The modeling team was led by faculty and researchers in the Colorado School of Public Health and involved experts from the University of Colorado Anschutz Medical Campus, University of Colorado Denver, University of Colorado Boulder, and Colorado State University.
“One of the defining characteristics of the COVID-19 pandemic was the need for rapid response in the face of imperfect and incomplete information,” said the authors. “Mathematical models of infectious disease transmission can be used in real-time to estimate parameters, such as the effective reproductive number (Re) and the efficacy of current and future intervention measures, and to provide time-sensitive data to policymakers.”
The new paper describes the development of such a model, in close collaboration with the Colorado Department of Health and Environment and the Colorado Governor’s office to gage the impact of early policies to decrease social contacts and, later, the impact of gradual relaxation of Stay-at-Home orders. The authors note that preparing for hospital intensive care unit (ICU) loads or capacity limits was a critical decision-making issue.
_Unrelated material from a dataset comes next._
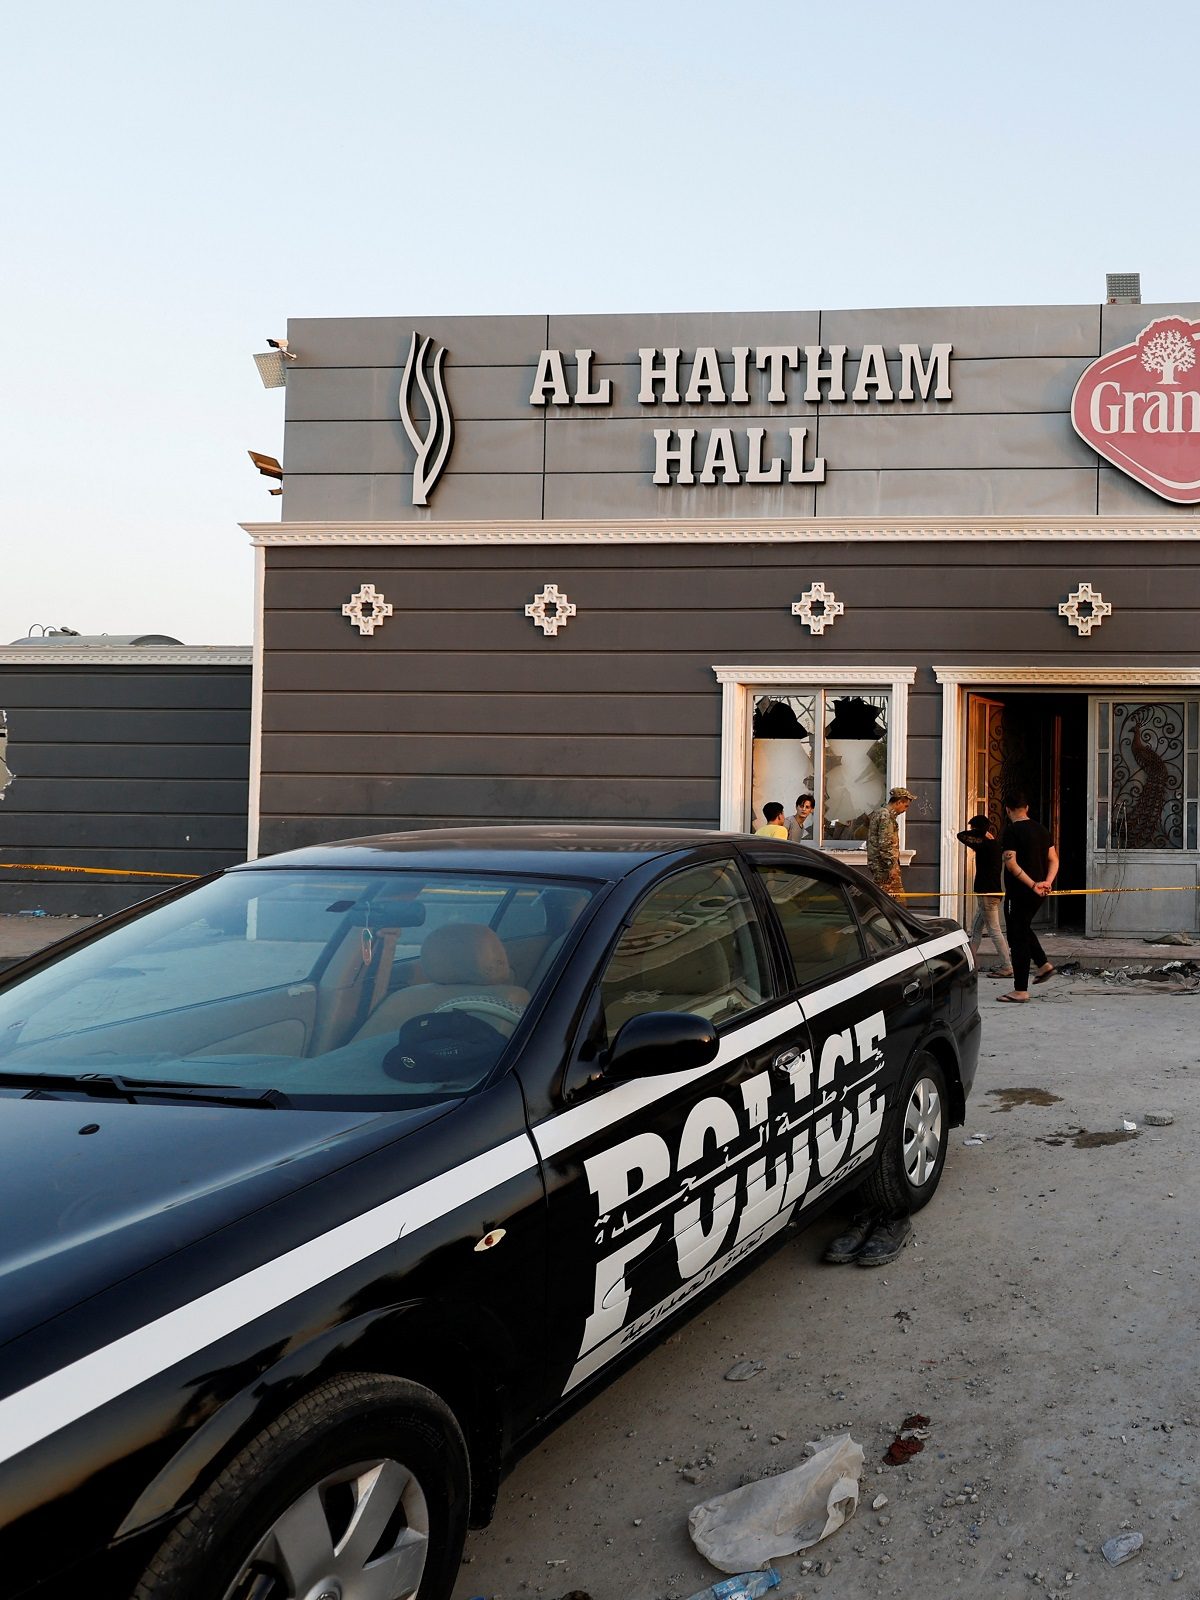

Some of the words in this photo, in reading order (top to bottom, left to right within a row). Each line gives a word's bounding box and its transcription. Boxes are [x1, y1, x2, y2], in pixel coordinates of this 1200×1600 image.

The Colorado COVID-19 Modeling team developed a susceptible-exposed-infected-recovered (SEIR) model calibrated to Colorado COVID-19 case and hospitalization data to estimate changes in the contact rate and the Re after emergence of SARS-CoV-2 and the implementation of statewide COVID-19 control policies in Colorado. The modeling team supplemented model estimates with an analysis of mobility by using mobile device location data. Estimates were generated in near real time, at multiple time-points, with a rapidly evolving understanding of SARS-CoV-2. At each time point, the authors generated projections of the possible course of the outbreak under an array of intervention scenarios. Findings were regularly provided to key Colorado decision-makers.
“Real-time estimation of contact reduction enabled us to respond to urgent requests to actively inform rapidly changing public health policy amidst a pandemic. In early stages, the urgent need was to flatten the curve,” note the authors. “Once infections began to decrease, there was interest in the degree of increased social contact that could be tolerated as the economy reopened without leading to overwhelmed hospitals.”
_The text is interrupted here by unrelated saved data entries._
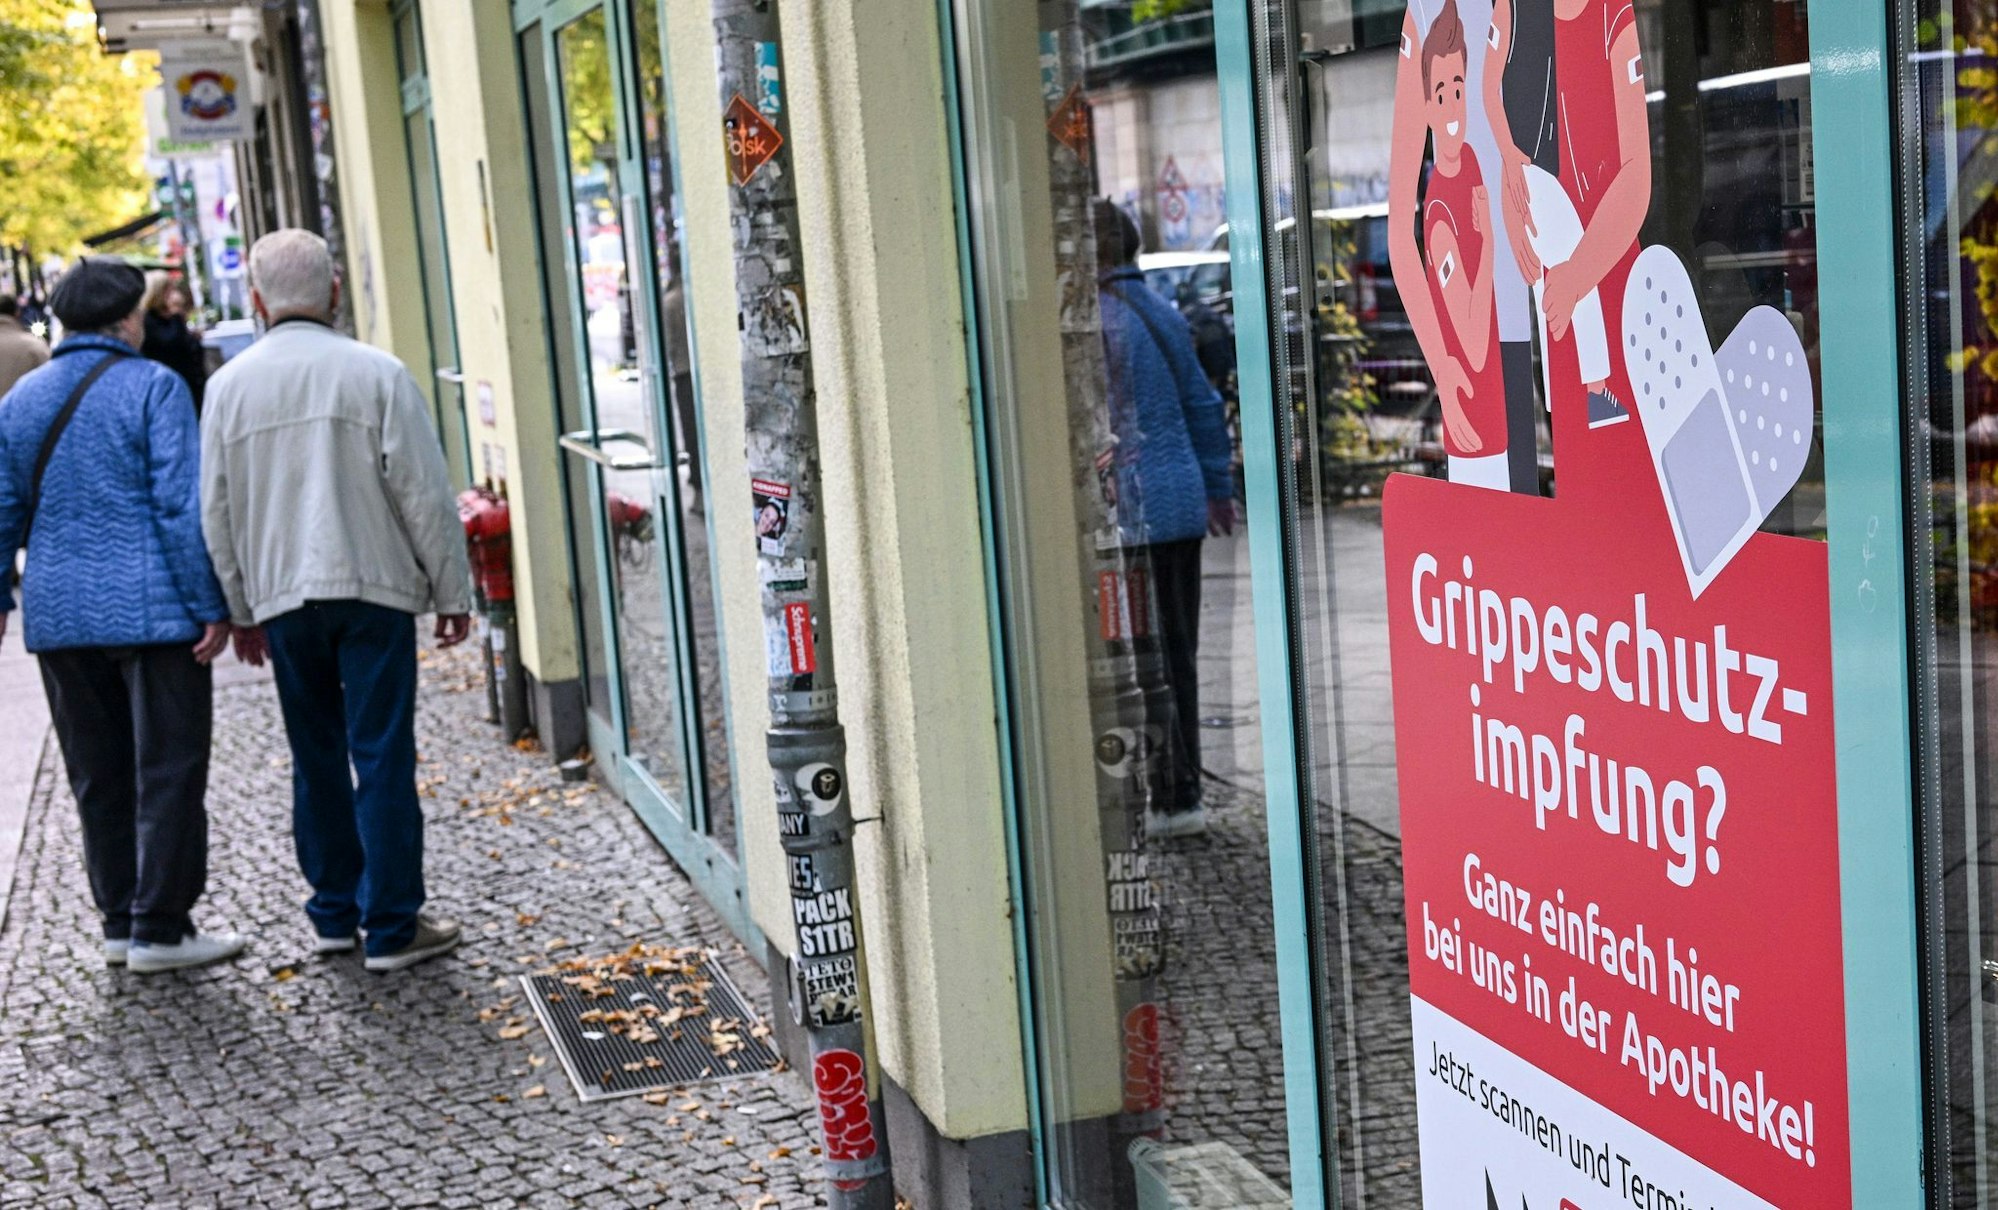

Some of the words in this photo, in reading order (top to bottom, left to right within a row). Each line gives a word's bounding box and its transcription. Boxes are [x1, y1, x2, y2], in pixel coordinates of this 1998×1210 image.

[1412, 552, 1808, 745] Grippeschutz-
[1470, 682, 1727, 888] impfung?
[794, 888, 852, 924] PACK
[1463, 852, 1533, 934] Ganz
[1539, 888, 1658, 996] einfach
[1667, 937, 1740, 1032] hier
[1422, 901, 1463, 975] bei
[1469, 941, 1516, 1004] uns
[1522, 953, 1551, 1024] in
[1558, 976, 1611, 1055] der
[1620, 1011, 1816, 1168] Apotheke!
[1429, 1041, 1476, 1101] Jetzt
[1480, 1078, 1562, 1157] scannen
[1569, 1134, 1610, 1188] und
“Although our analysis is specific to Colorado, our experience highlights the need for locally calibrated transmission models to inform public health preparedness and policymaking, along with ongoing analyses of the impact of policies to slow the spread of SARS-CoV-2,” said Andrea Buchwald, PhD, lead author from the Colorado School of Public Health at CU Anschutz. “We present this material not as a final estimate of the impact of social distancing policies, but to illustrate how models can be constructed and adapted in real-time to inform critical policy questions.”